[Your goal]: Print the listing in its entirety and exactly, leaving out images.

[Supplied entries]:
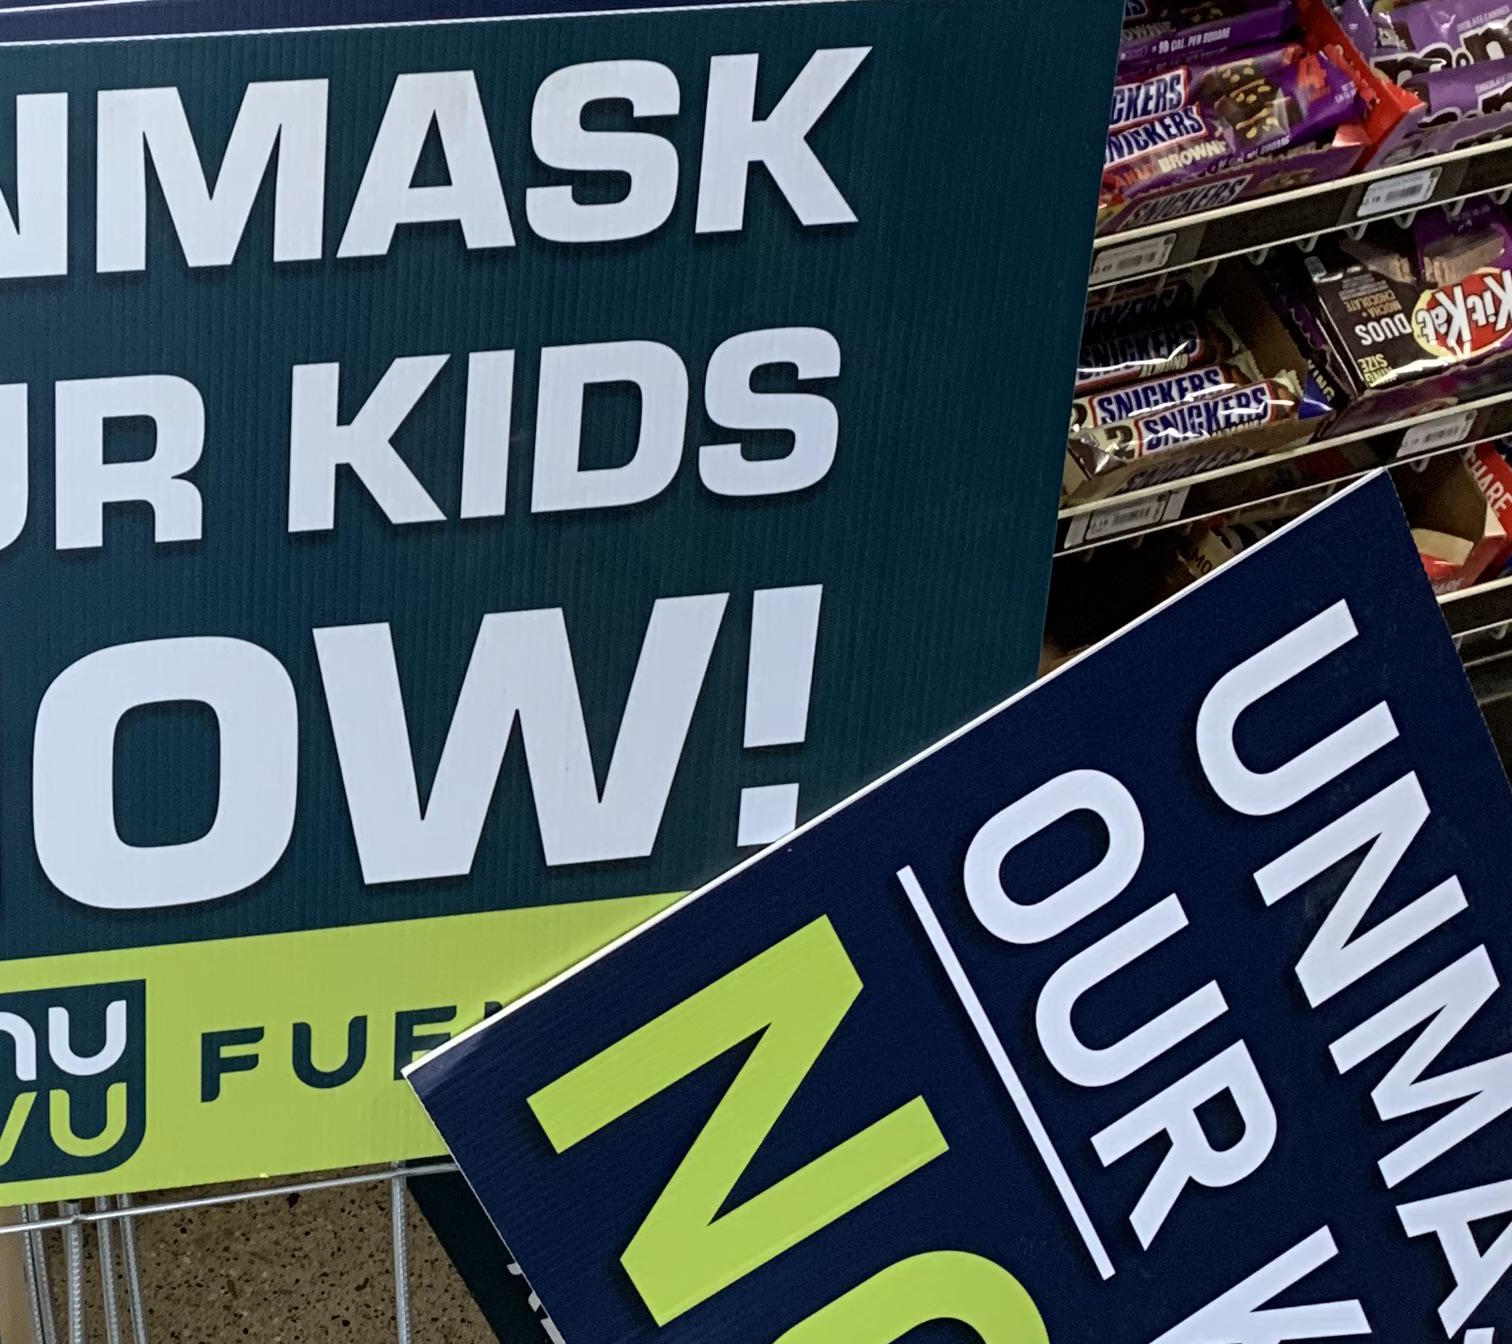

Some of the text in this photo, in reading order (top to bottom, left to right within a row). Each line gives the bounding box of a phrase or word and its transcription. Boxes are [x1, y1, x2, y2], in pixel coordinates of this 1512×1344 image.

[1112, 73, 1184, 126] CKERS
[1106, 104, 1204, 163] NICKERS
[1345, 289, 1397, 312] CHOCOLATE
[1368, 299, 1402, 318] MOCHA
[1354, 312, 1413, 346] DUOS
[1357, 354, 1389, 374] SIZE
[1096, 370, 1222, 426] SNICKERS
[1144, 386, 1270, 453] SNICKERS
[288, 326, 841, 534] KIDS
[962, 767, 1278, 1251] OUR
[200, 1001, 503, 1103] FUE
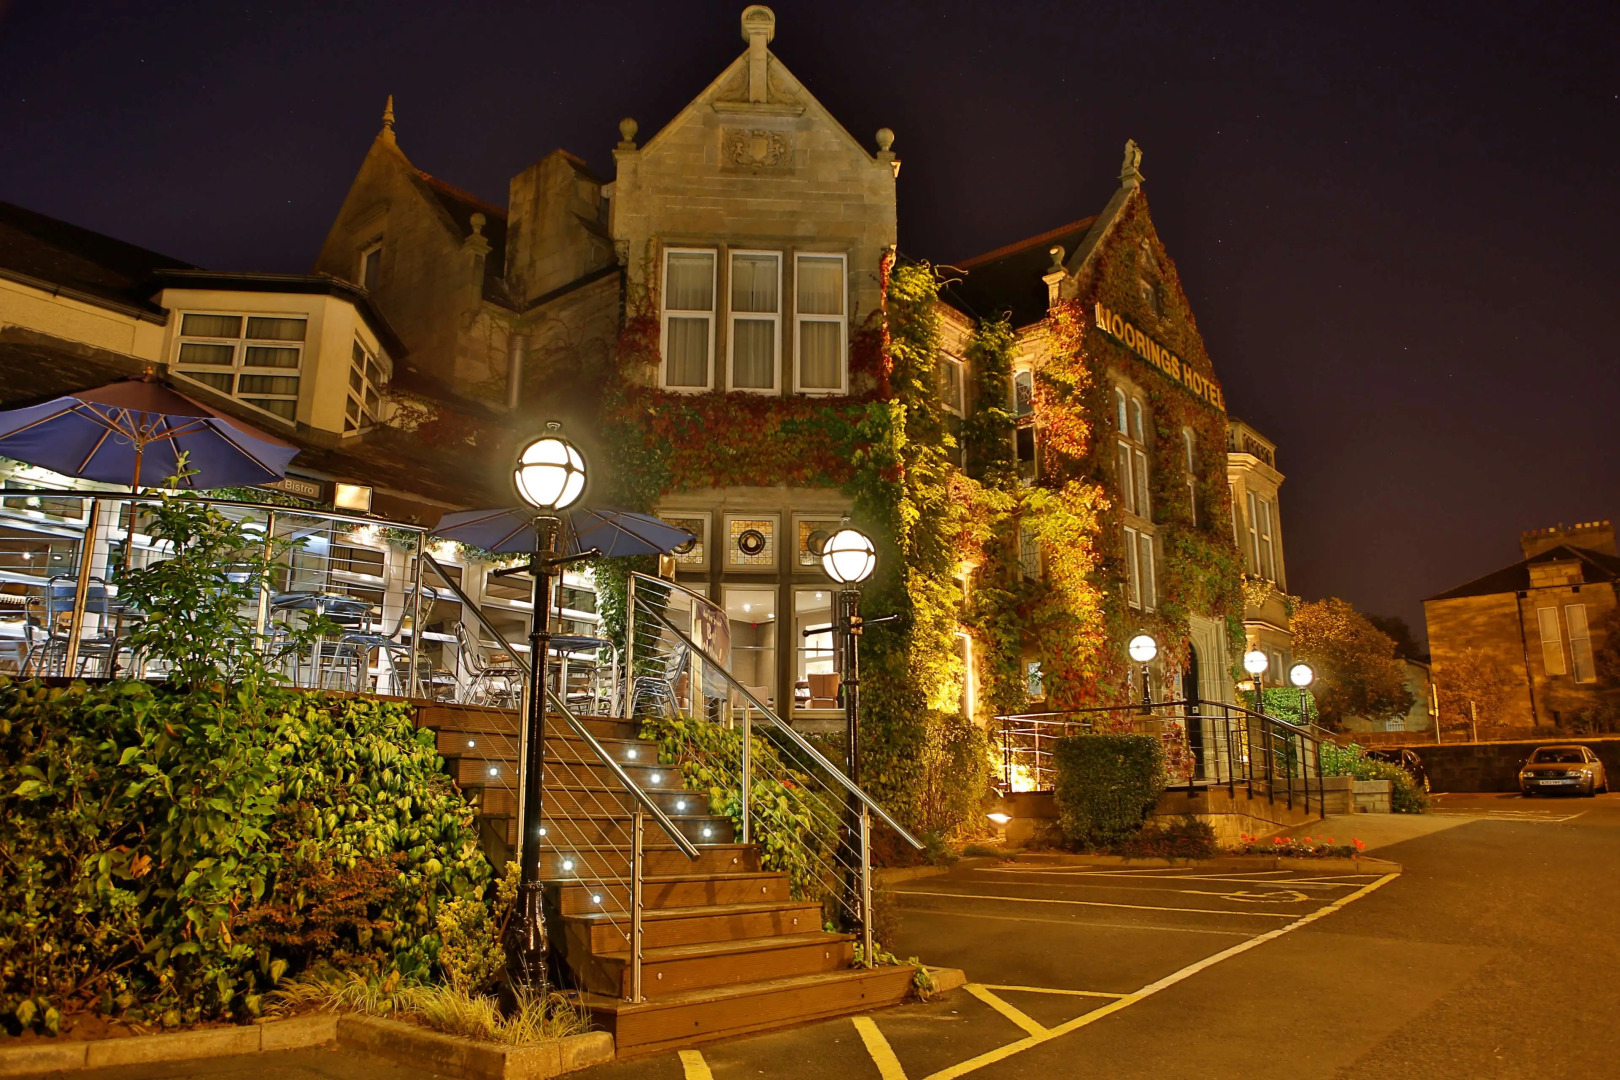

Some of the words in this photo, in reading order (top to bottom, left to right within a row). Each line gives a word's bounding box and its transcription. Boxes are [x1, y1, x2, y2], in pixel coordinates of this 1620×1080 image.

[1095, 301, 1180, 380] MOORINGS
[1183, 363, 1225, 412] HOTEL
[284, 479, 314, 495] Bistro
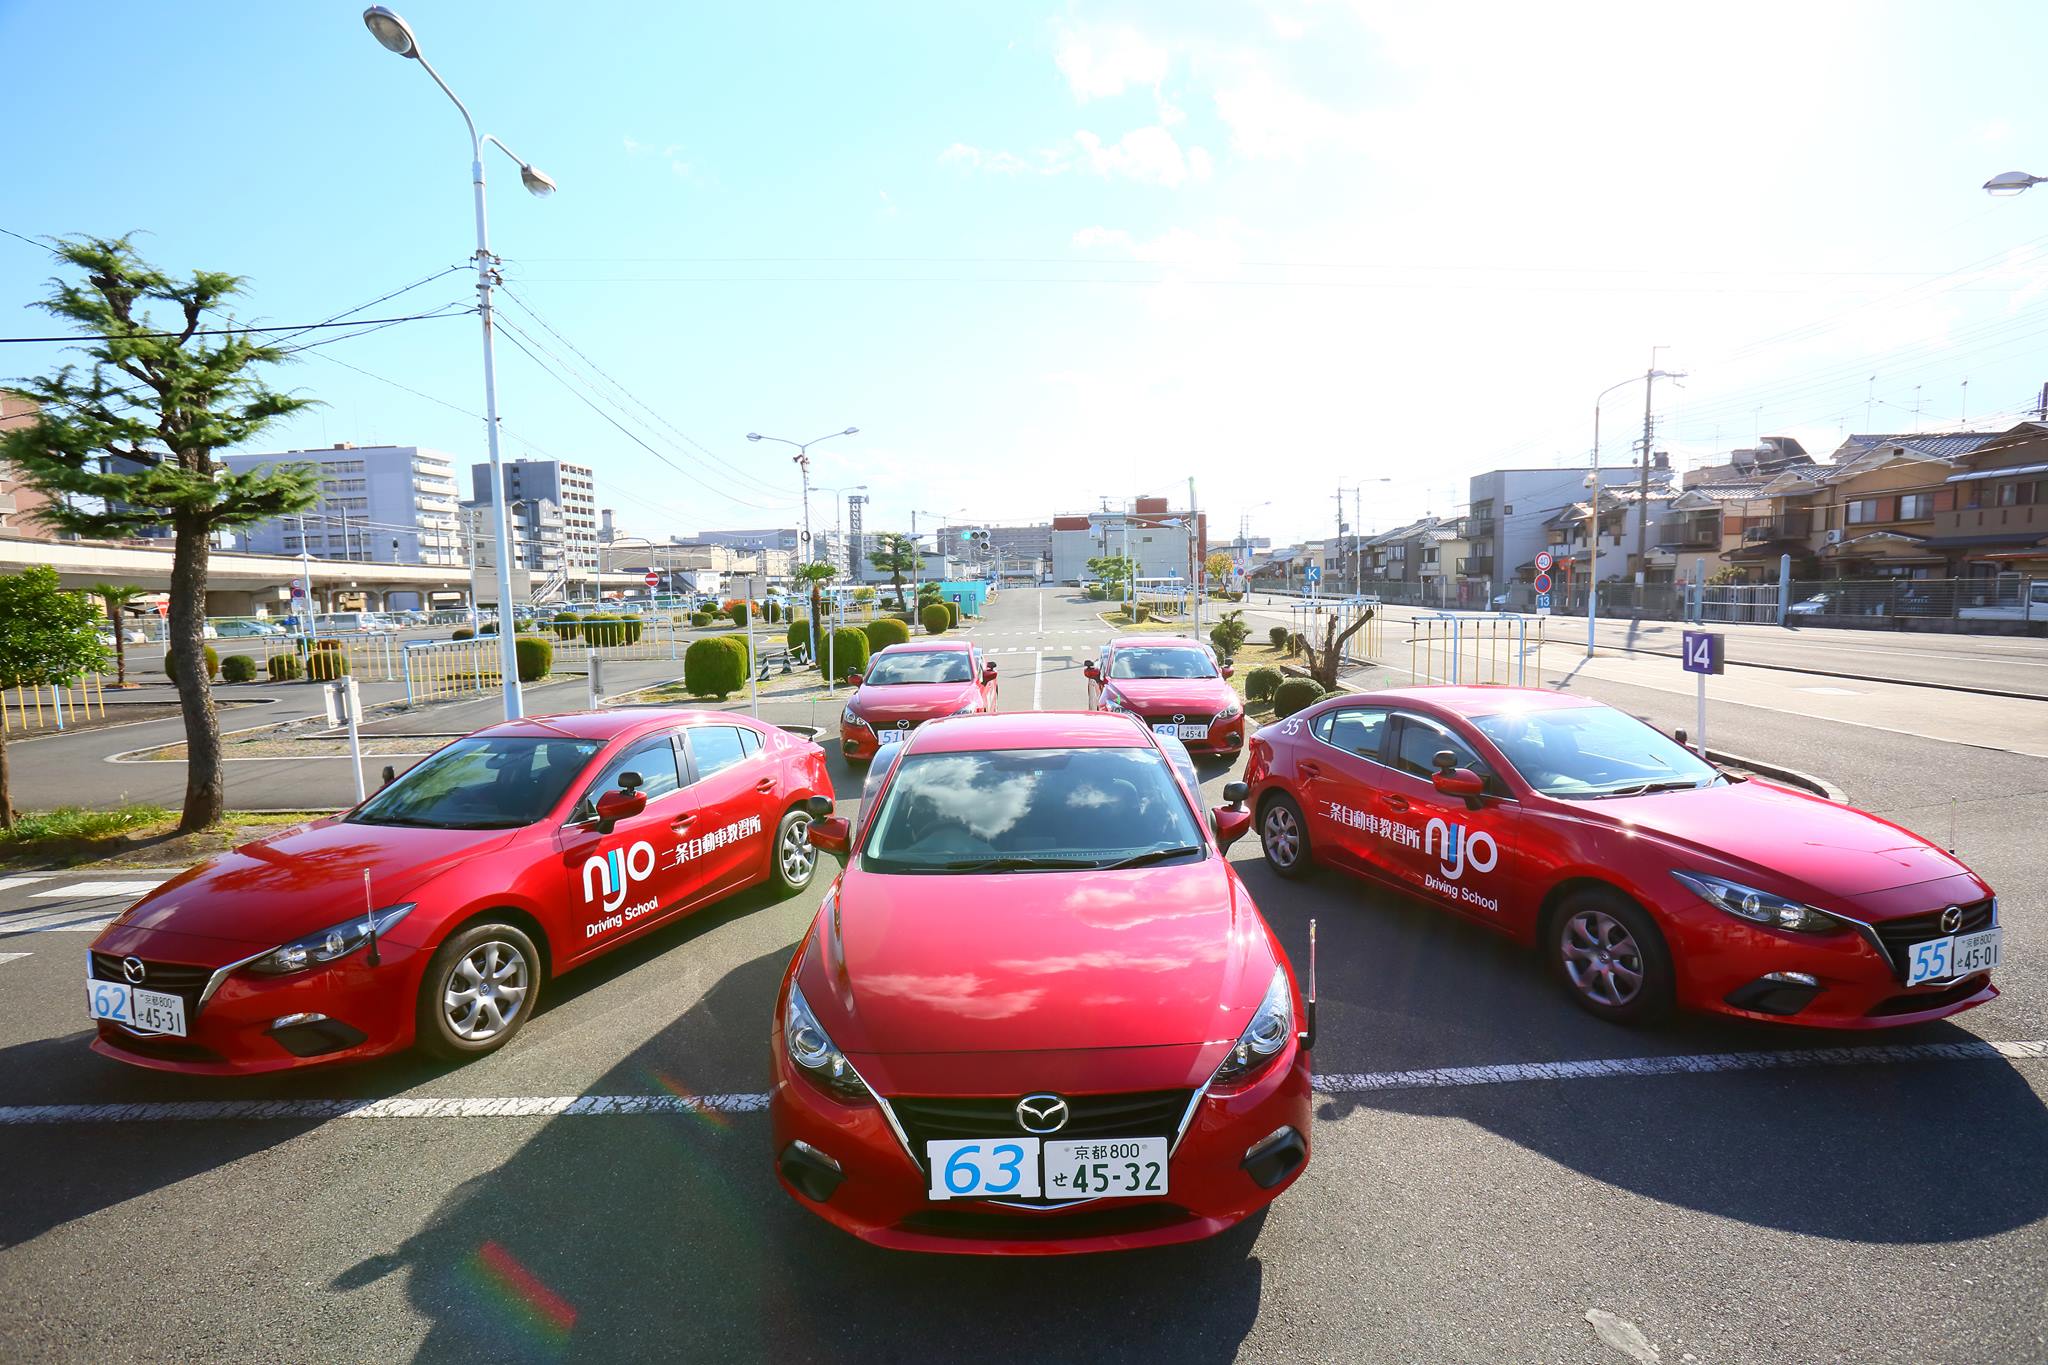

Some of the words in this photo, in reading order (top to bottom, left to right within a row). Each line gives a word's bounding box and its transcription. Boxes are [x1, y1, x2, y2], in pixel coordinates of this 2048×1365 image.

[Output below]:
Some of the text in this photo, in reading order (top to bottom, left to right within a row). Each line gives the bounding box of a phrase or word and its transcription. Boxes are [x1, y1, x2, y2], in pixel coordinates of this 1512×1344 image.

[1112, 73, 1184, 126] CKERS
[1106, 104, 1204, 163] NICKERS
[1345, 289, 1397, 312] CHOCOLATE
[1368, 299, 1402, 318] MOCHA
[1354, 312, 1413, 346] DUOS
[1357, 354, 1389, 374] SIZE
[1096, 370, 1222, 426] SNICKERS
[1144, 386, 1270, 453] SNICKERS
[288, 326, 841, 534] KIDS
[962, 767, 1278, 1251] OUR
[200, 1001, 503, 1103] FUE

Some of the words in this photo, in reading order (top to bottom, left to right within a row). Each line gives a word's bounding box and its transcription. Boxes are [x1, y1, x2, y2], in pixel coordinates of this 1620×1080 image.

[1095, 301, 1180, 380] MOORINGS
[1183, 363, 1225, 412] HOTEL
[284, 479, 314, 495] Bistro

Some of the words in this photo, in reading order (top to bottom, left to right within a row). Each line gives a word's bounding box and its transcription. Boxes are [x1, y1, x2, y2], in pixel coordinates of this 2048×1365 image.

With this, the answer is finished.